Euthanasia has been considered illegal in most of the States in the United States. However, words like “euthanasia”, “mercy killing” and “physician assisted suicide” are used by the judges, physicians and attorneys commonly without a proper definition of the terms. In the very narrow sense “physician-assisted suicide” means that a physician provides a lethal dose of tablets with the knowledge that the patient will use them for committing suicide. On the other hand when the physician administers a lethal dose of drugs with the intent of putting an end to the patient’s suffering by making him/her die, such act is regarded as “mercy killing” or “active euthanasia” (Standler, 2005).
The decision to end one’s life is purely a private decision by an adult who is mentally competent to take such a decision. Therefore such decision need not get the approval of other people. Modern medical technologies and medicines make the life of people a prolonged one and thus making the terminally ill patients suffer meaninglessly, where such suffering is needless also. This is the basis on which States tried to pass legislative measures for legalizing Physician-assisted Suicide or Euthanasia. Nevertheless, several attempts by different states to pass legislation to legalize euthanasia have failed (Raven, 2008)
Oregon is the first State in the United States and the first jurisdiction in the world to have legalized euthanasia. The State passed the “Oregon Death with Dignity Act” in the year 1994. The law allows physician-assisted dyeing with certain restrictions. The law survived repeal attempts in the year 1997 and 2005. The law of the State was upheld by the Supreme Court in 2005 in the case of Gonzales v. Oregon.
State of Texas passed the “Texas Futile Care Law” in the year 1999. The law provides for the withdrawal of the life support measures like mechanical respiration from the patients who are terminally ill. To resort to this measure it is necessary to prove that such treatment is considered futile and inappropriate with respect to the patient.
In November 2008, Washington voters approved the initiative 1000 making it an official law drafted on the same lines as that of Oregon Death with Dignity Act. This Act provides terminally ill people the option to resort to medically assisted suicide. Under the Act a physician can prescribe lethal medication to terminally ill patients which could be self-administered. The law is clear in that it does not allow the physicians to inject or administer the lethal dose of medicines into patients who are incapable of injecting the medication on their own.

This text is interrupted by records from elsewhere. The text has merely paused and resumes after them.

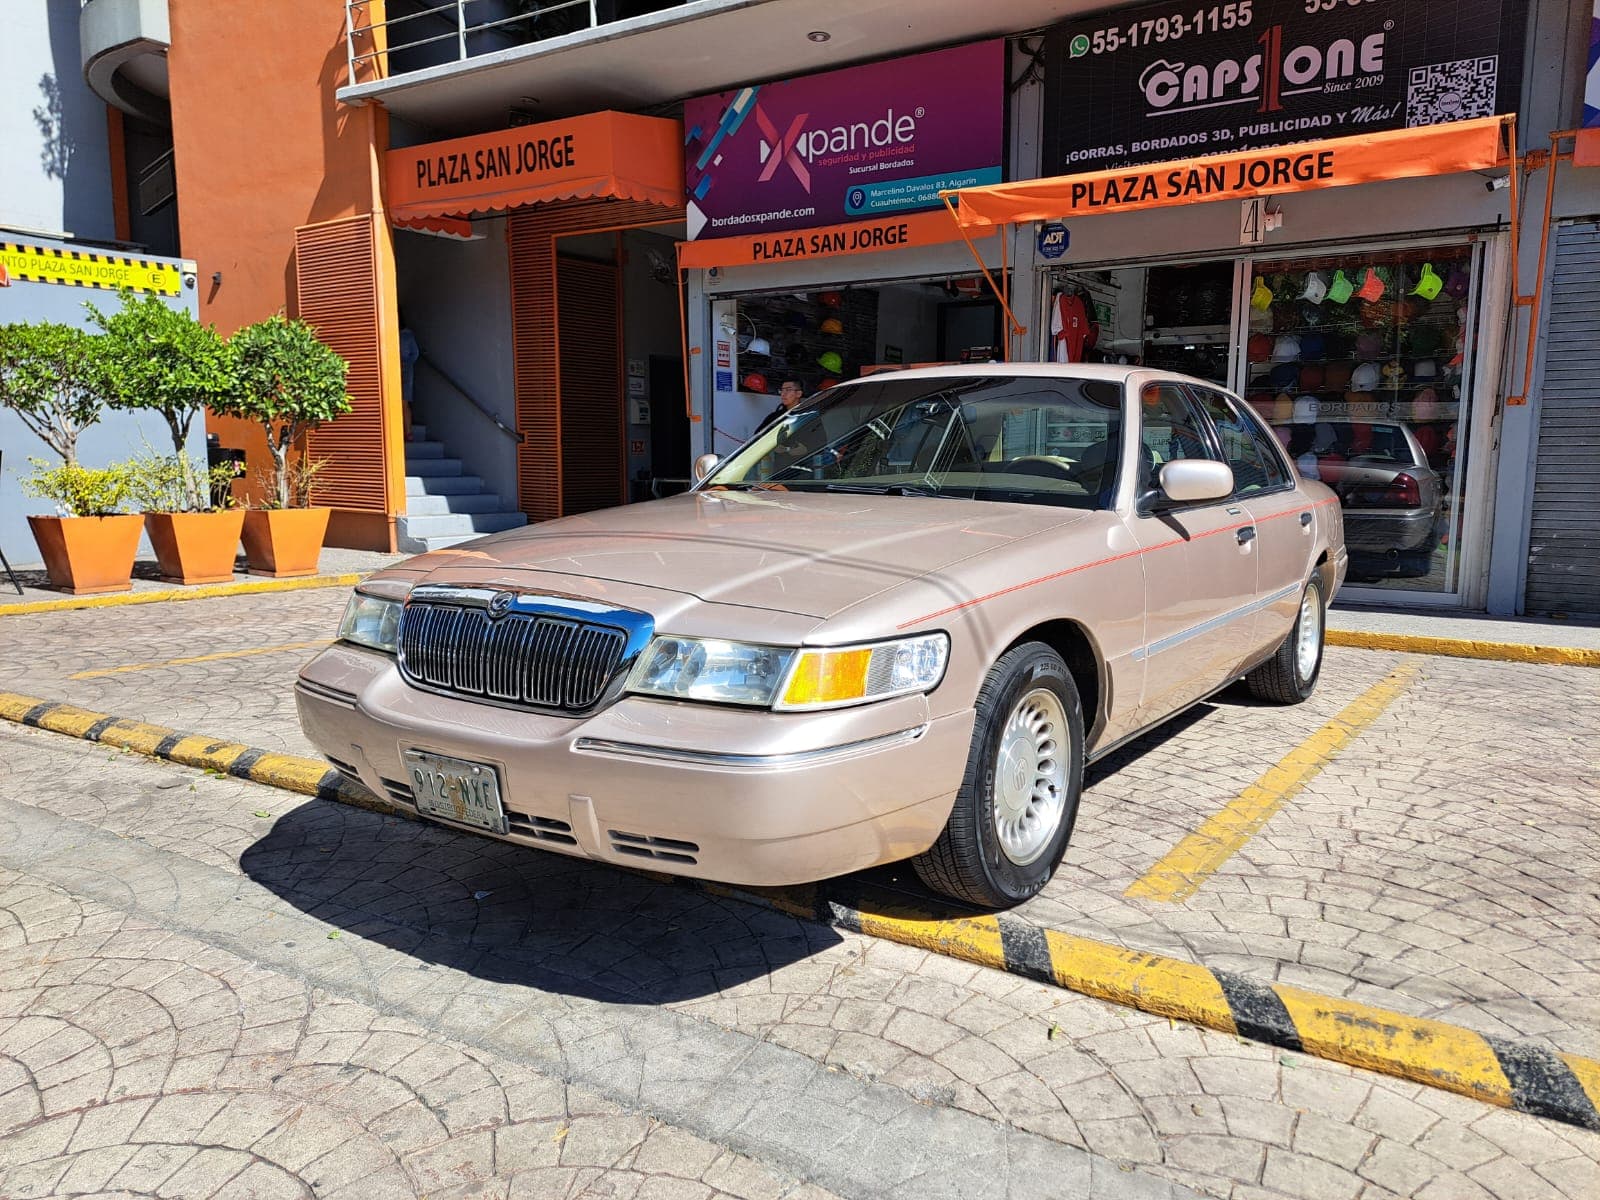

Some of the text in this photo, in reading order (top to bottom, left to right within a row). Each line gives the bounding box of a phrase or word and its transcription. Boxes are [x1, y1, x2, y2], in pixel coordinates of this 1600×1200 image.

[1092, 1, 1253, 54] 55-1793-1155
[1324, 74, 1384, 93] Since 2009
[1066, 144, 1127, 164] ¡GORRAS,
[1132, 132, 1207, 153] BORDADOS
[1212, 129, 1234, 142] 3D,
[1239, 115, 1332, 137] PUBLICIDAD
[1336, 112, 1347, 124] Y
[1351, 102, 1401, 123] Más!
[417, 135, 575, 188] PLAZA SAN JORGE
[818, 154, 859, 166] seguridad
[869, 144, 915, 159] publicidad
[849, 160, 914, 174] Sucursal Bordados
[1072, 175, 1158, 208] PLAZA
[1167, 165, 1225, 197] SAN
[1232, 151, 1334, 190] JORGE
[871, 187, 904, 197] Marcelino
[712, 207, 815, 227] bordadosxpande.com
[753, 224, 908, 260] PLAZA SAN JORGE
[1043, 231, 1065, 245] ADT
[31, 258, 67, 274] PLAZA
[70, 264, 92, 276] SAN
[95, 267, 129, 281] JORGE
[152, 274, 161, 284] E
[415, 768, 495, 811] 912-NXE
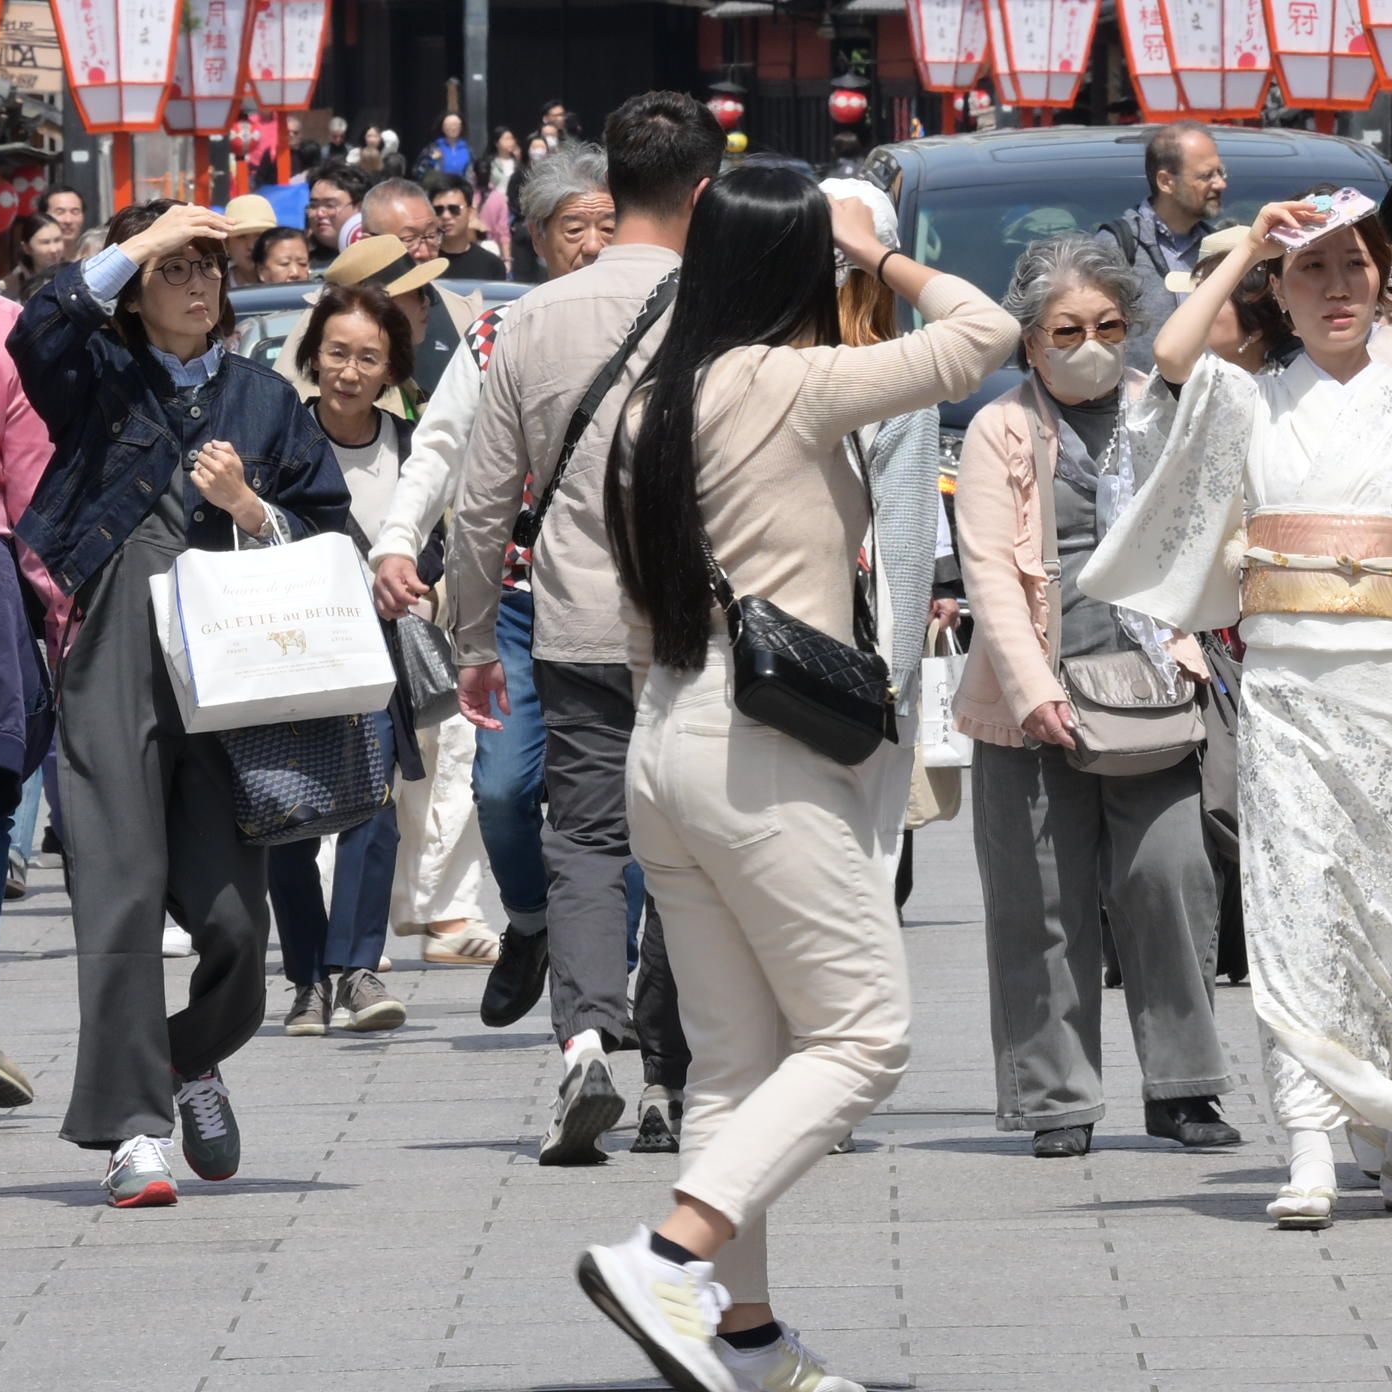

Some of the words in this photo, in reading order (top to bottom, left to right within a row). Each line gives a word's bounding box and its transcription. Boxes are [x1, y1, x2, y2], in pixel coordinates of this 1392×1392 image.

[201, 612, 278, 636] GALETTE
[282, 612, 300, 622] au
[305, 607, 363, 621] BEURRE

“The measure also requires a patient to orally request the injection twice at least 15 days apart, and submit a written request witnessed by two people, at least one of whom cannot be affiliated with the patient” (Standler, 2005). It is also necessary that two doctors must certify that the patient is terminally ill and would live for a period of less than six months.

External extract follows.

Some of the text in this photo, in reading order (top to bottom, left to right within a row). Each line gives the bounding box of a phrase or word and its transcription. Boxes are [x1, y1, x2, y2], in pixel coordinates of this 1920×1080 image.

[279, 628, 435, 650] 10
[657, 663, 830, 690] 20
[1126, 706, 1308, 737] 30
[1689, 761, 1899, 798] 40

The advocates of Physician Assisted Suicide (PAS) claim that PAS and euthanasia help reduce the physical and psychological suffering to the patients and at the same time it also helps to reduce the healthcare costs and make available the resources of doctors and nurses to other needy patients. However, there are contradicting opinions that PAS when made legal may be abused by the physicians as well as the patients (Woodward, 2008).